Tough and unfair as history may be towards figures of a certain epoch, it will put everyone, sooner or later, into his/her proper place. Ihor, who succeeded Oleh on the Kyiv throne, never became an epic hero, nor did the popular belief vested him with supernatural powers, while the Tale of Bygone Years chronicler, although calling Ihor gallant and wise, still condemns his cruelty and takes quite a dim view of him. The prince still bears the stigma of condemnation despite the fact that he headed a colossal political system consisting of twenty principalities ruled by those who did not descend from Rurik. Clearly enough, it was difficult for him to find a common language with them. Prince Ihor, who signed an advantageous agreement with the Byzantine Empire, was distinguished for religious tolerance: the years of his rule saw peaceful coexistence of the pagans and Christians. His attitude to women can serve as an example even for today’s men. But why does folklore portray Ihor as a militarily unsuccessful prince — the worst-ever verdict for a warrior? Let us try to answers these questions, for they have repercussions on the current time.

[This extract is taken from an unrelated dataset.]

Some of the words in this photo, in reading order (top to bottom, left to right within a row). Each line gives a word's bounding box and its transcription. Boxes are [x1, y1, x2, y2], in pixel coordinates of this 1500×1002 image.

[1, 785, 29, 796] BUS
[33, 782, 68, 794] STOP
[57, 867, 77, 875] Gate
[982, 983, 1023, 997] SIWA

Ihor ascended the Great Prince of Kyiv’s throne after the death of Oleh in 913 (according to the Ipatiev copy of The Tale of Bygone Years). As to his origin, The Tale recalls that in the year 879, shortly before dying, Rurik handed over his principality to Oleh. The chronicle does not say when Ihor was born but indicates that he married Olha in 903 and the son Sviatoslav was born to them in 942 (i.e., when Ihor was in a rather advanced age). This information is open to question... Mykhailo Hrushevsky suggests in The History of Ukraine-Rus that Ihor might have become Great Prince of Kyiv far later, and another prince, whose name we do not know, perhaps ruled between Oleh and Ihor. Ihor was no longer living in 948-953, for Constantine Porphyrogenitus refers to those times in his treatise De Administrando Imperio as the epoch of Olha and Sviatoslav, the son of Ihor.

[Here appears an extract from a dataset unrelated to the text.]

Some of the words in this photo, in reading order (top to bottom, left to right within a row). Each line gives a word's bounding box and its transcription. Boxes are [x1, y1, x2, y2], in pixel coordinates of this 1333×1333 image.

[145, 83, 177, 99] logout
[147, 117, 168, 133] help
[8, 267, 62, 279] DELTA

According to the chronicle, Ihor ruled until 945, i.e., for about 33 years. After Oleh’s death, the tribes he had subjugated, including the Drevliany and Ulychy, refused to obey Kyiv and the new prince. Ihor considered it necessary to root out these tendencies in order to keep Rus from disintegration. In 914 he launched an expedition against the Drevliany. Winning a complete victory, Ihor demanded that they pay a tribute larger than the one imposed by Oleh. Besides, as numerous historical studies show, Ihor destroyed the political organization of the Drevliany’s principality. Ihor also fought for three years against the Ulychy, finally capturing their capital Peresichen and imposing unendurable tribute on them. Driven off the Rus territory, the Ulychy left the Middle Dnieper basin and set off for the area between the lower Dniester and the Southern Bug.

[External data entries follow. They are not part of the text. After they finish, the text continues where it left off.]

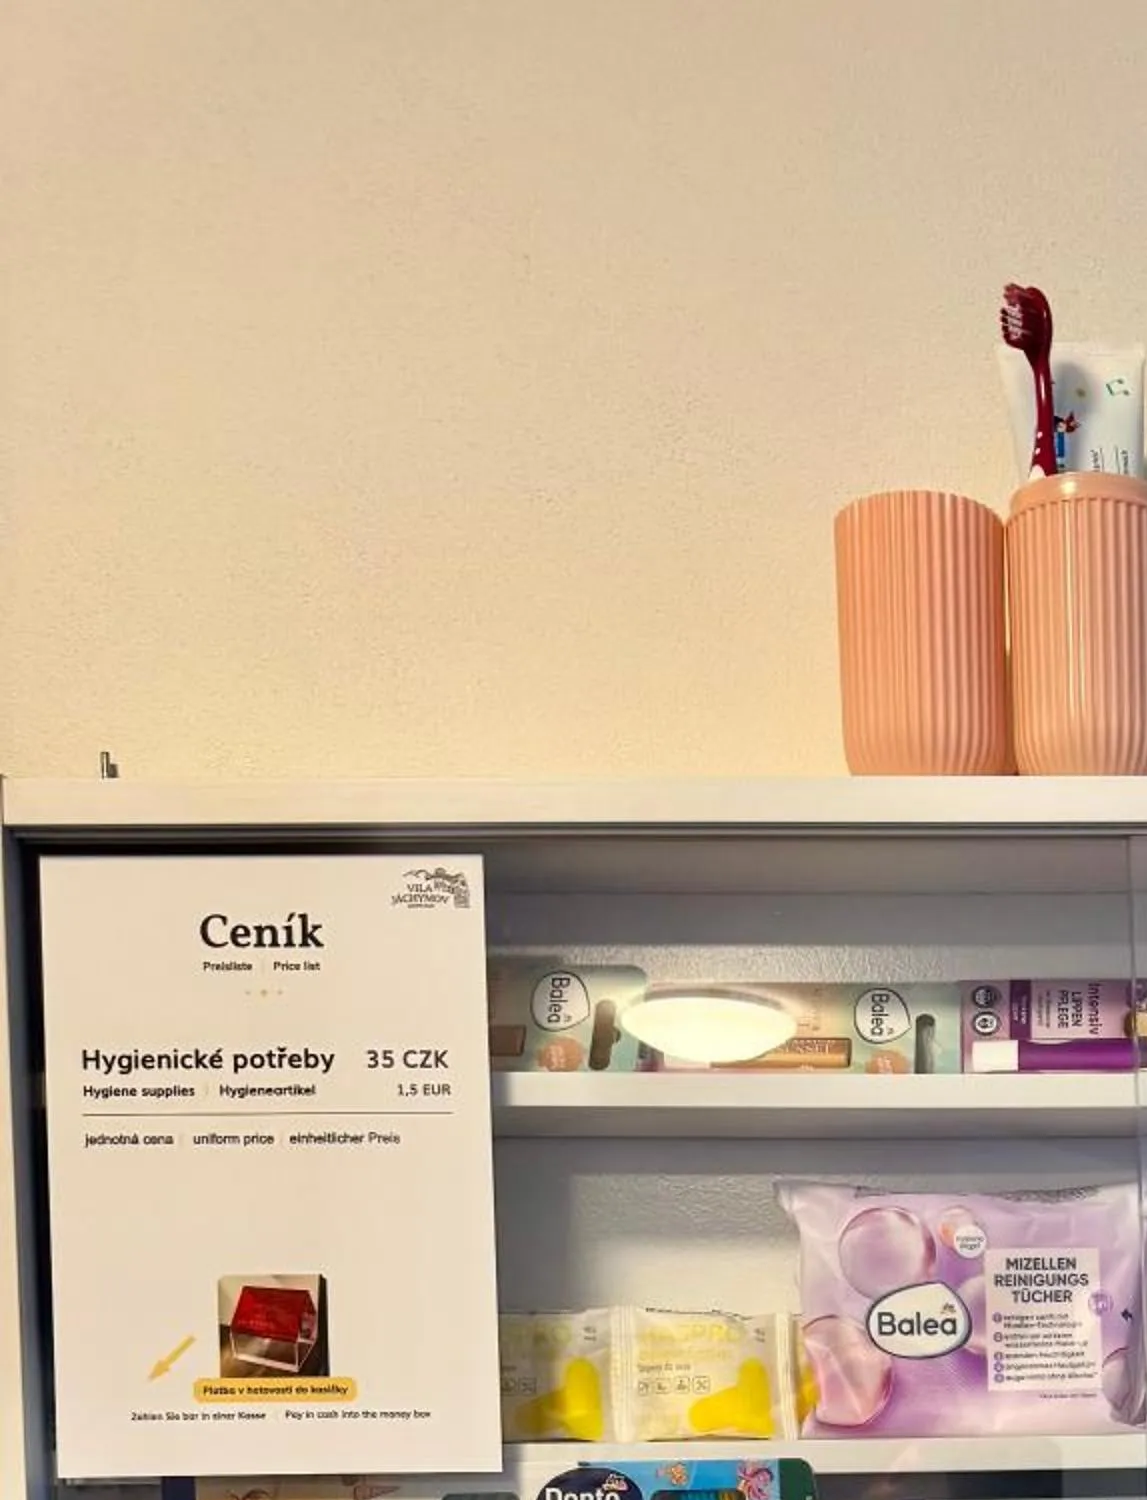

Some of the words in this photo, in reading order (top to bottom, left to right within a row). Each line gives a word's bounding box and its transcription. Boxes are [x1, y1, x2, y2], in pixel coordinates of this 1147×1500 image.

[200, 912, 324, 948] Ceník
[203, 961, 253, 971] Preisliste
[273, 962, 300, 971] Price
[303, 962, 320, 971] list
[547, 977, 571, 1024] Balea
[871, 993, 890, 1037] Balea
[82, 1048, 223, 1074] Hygienické
[233, 1048, 335, 1073] potřeby
[367, 1050, 395, 1069] 35
[403, 1050, 449, 1069] CZK
[83, 1085, 138, 1098] Hygiene
[141, 1085, 195, 1098] supplies
[220, 1084, 316, 1098] Hygieneartikel
[397, 1084, 418, 1098] 1,5
[423, 1084, 451, 1096] EUR
[85, 1133, 140, 1148] jednotná
[193, 1133, 240, 1145] uniform
[243, 1133, 274, 1148] price
[290, 1133, 364, 1144] einheitlicher
[368, 1132, 400, 1144] Preis
[1006, 1258, 1076, 1271] MIZELLEN
[994, 1274, 1089, 1287] REINIGUNGS
[1012, 1290, 1072, 1303] TÜCHER
[878, 1312, 958, 1336] Balea

Should Ihor be condemned or condoned for those actions? Undoubtedly, every people has the right to self-determination, but the separation of feudal principalities from Kyiv was dangerous because the hordes of the Pechenegs (nomadic people of the Turkic family — Ed.) were already prowling along the borders of Rus. Ihor first encountered them in 915. A chronicle notes that he made peace with the Pechenegs, so they went away to the Danube. Rus was thus saved for some time from barbarian forays. The chronicle also recalls that Ihor also fought the Pechenegs in 920. Ihor is unlikely to have made war against the Pechenegs if they had not threatened Rus. Historians suppose that a third party intervened. For overcoming the enemy by means of another people was the Byzantine Empire’s favorite military strategic method. It is probable that the fear of an increasingly stronger Rus prompted Constantinople to provoke the Pechenegs to use military force against it. At the same time, Rus continued to be the Byzantine Empire’s ally until the 930s.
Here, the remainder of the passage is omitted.